O Papa Francisco faz a homilia do ambão da Basílica do Latrão
(Ao fundo vê-se a cátedra do Bispo de Roma)

c) Liturgia das Horas

Na Liturgia das Horas há apenas uma perícope dos nossos livros em composição harmônica, como leitura breve das Laudes dos domingos I-IV da Quaresma: Ne 8,9b.10b [14].

Trata-se da conclusão do episódio da leitura da Lei, quando Esdras afirma: “Este é um dia consagrado ao Senhor”, expressão bem adequada ao domingo. O texto está particularmente em harmonia com o IV Domingo da Quaresma, o chamado “Domingo Laetare”, com sua exortação à alegria: “a alegria do Senhor será nossa força”.

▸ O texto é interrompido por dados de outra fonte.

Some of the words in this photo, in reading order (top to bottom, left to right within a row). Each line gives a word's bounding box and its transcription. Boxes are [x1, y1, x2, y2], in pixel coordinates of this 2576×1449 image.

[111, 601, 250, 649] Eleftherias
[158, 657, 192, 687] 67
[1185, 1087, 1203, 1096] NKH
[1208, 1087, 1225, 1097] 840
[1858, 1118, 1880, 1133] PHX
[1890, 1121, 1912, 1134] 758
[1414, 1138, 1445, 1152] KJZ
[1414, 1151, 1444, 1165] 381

3. Leitura litúrgica de Esdras e Neemias: Leitura semicontínua

Seguimos nosso percurso com o critério da leitura semicontínua: a proclamação dos principais textos de um livro na sequência, oferecendo aos fiéis um contato mais amplo com a Palavra de Deus [15].

a) Celebração Eucarística

A leitura semicontínua de Esd-Ne ocorre na Celebração Eucarística nos dias de semana do Tempo Comum, quando se leem livros do Antigo e do Novo Testamento, várias semanas cada um, conforme sua extensão [16].

O Livro de Esdras é lido de segunda a quarta-feira da XXV semana do Tempo Comum do ano ímpar, enquanto o Livro de Neemias é lido na semana seguinte, na quarta e quinta-feira da XXVI semana do Tempo Comum do ano ímpar, intercalados por dois profetas do mesmo período histórico: Ageu e Zacarias 1–8.

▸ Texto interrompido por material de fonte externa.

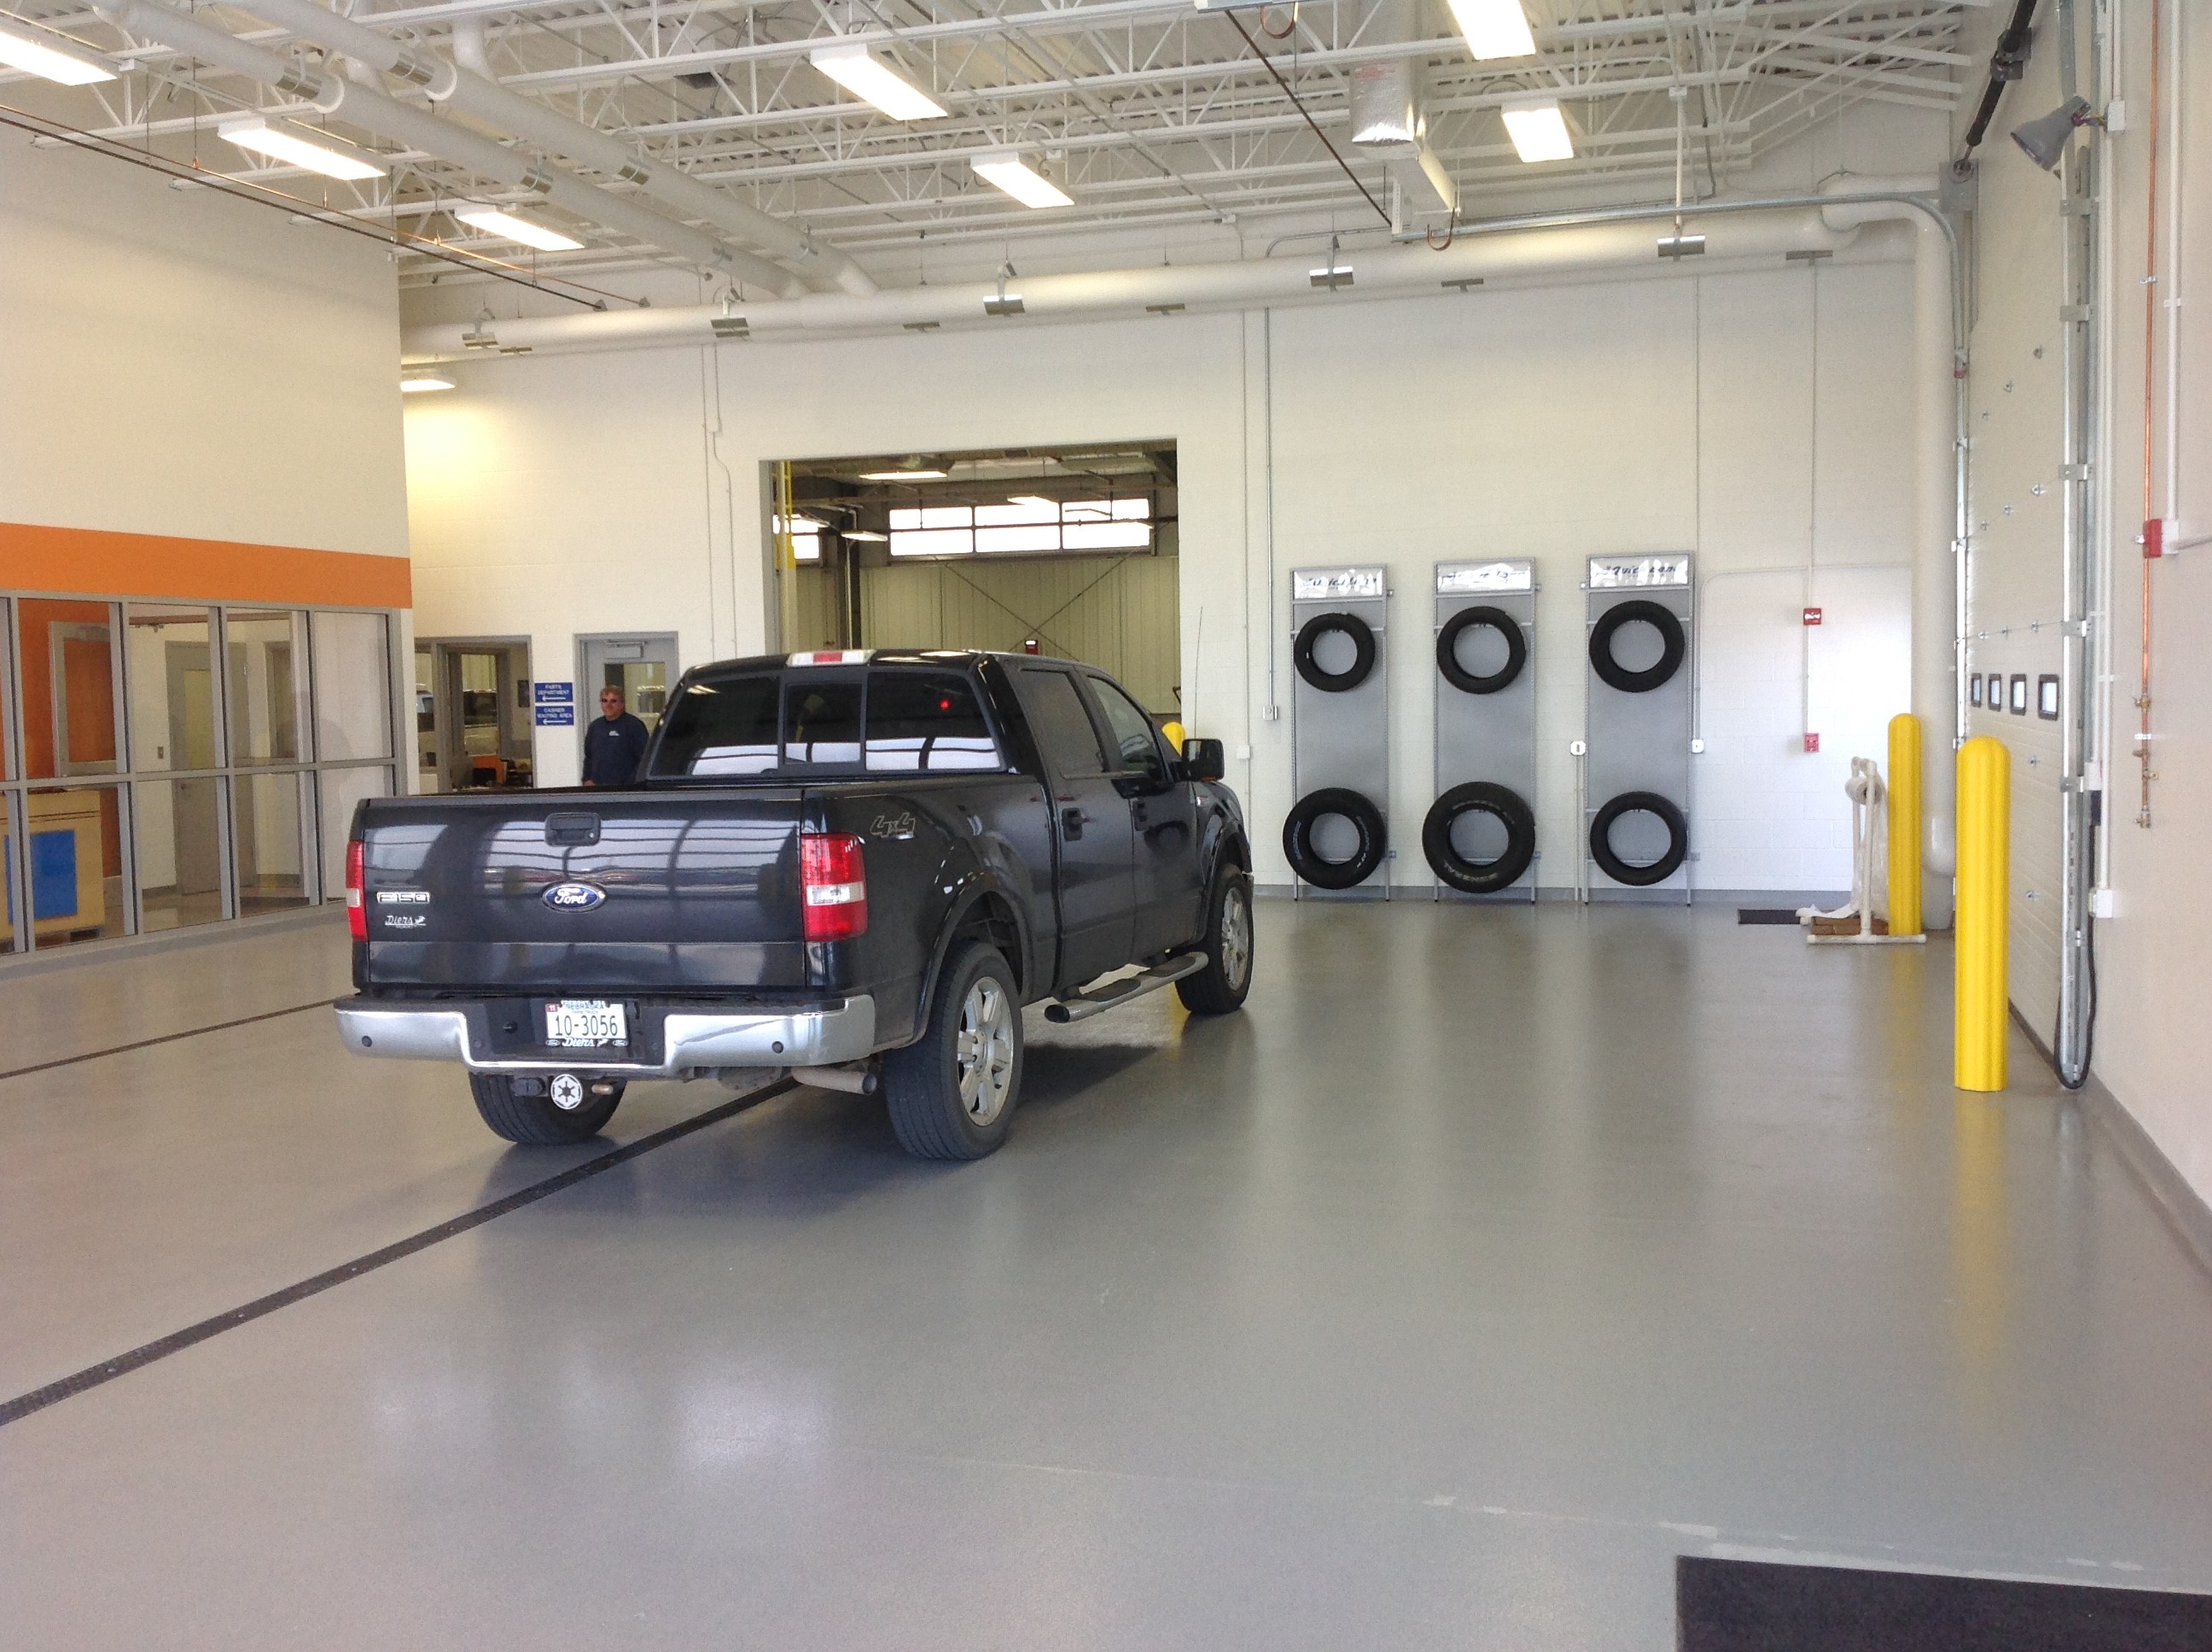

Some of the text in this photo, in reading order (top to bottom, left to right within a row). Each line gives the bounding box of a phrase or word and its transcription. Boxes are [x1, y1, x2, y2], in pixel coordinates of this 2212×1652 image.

[1612, 566, 1644, 575] Quic
[554, 887, 589, 905] Ford
[556, 1015, 618, 1037] 10-3056

As perícopes escolhidas dos nossos dois livros são:

XXV semana do Tempo Comum (ano ímpar):
Segunda-feira: Esd 1,1-6;
Terça-feira: Esd 6,7-8.12b.14-20;
Quarta-feira: Esd 9,5-9 [17].

XXVI semana do Tempo Comum (ano ímpar):
Quarta-feira: Ne 2,1-8;
Quinta-feira: Ne 8,1-4a.5-6.7b-12 [18].

O governador Neemias guia o retorno dos exilados
(Menorah do Knesset - Jerusalém)

b) Liturgia das Horas

Na Liturgia das Horas a leitura semicontínua da Sagrada Escritura é feita no Ofício das Leituras.

No ciclo anual do Ofício não há leituras de Esd-Ne. Porém, no ciclo bienal do Ofício das Leituras, que não foi traduzido para o Brasil, nossos livros são proclamados entre a XI e a XIII semanas do Tempo Comum no ano par, novamente intercalados pela leitura dos profetas contemporâneos, Ageu e Zacarias 1–8, como na Missa.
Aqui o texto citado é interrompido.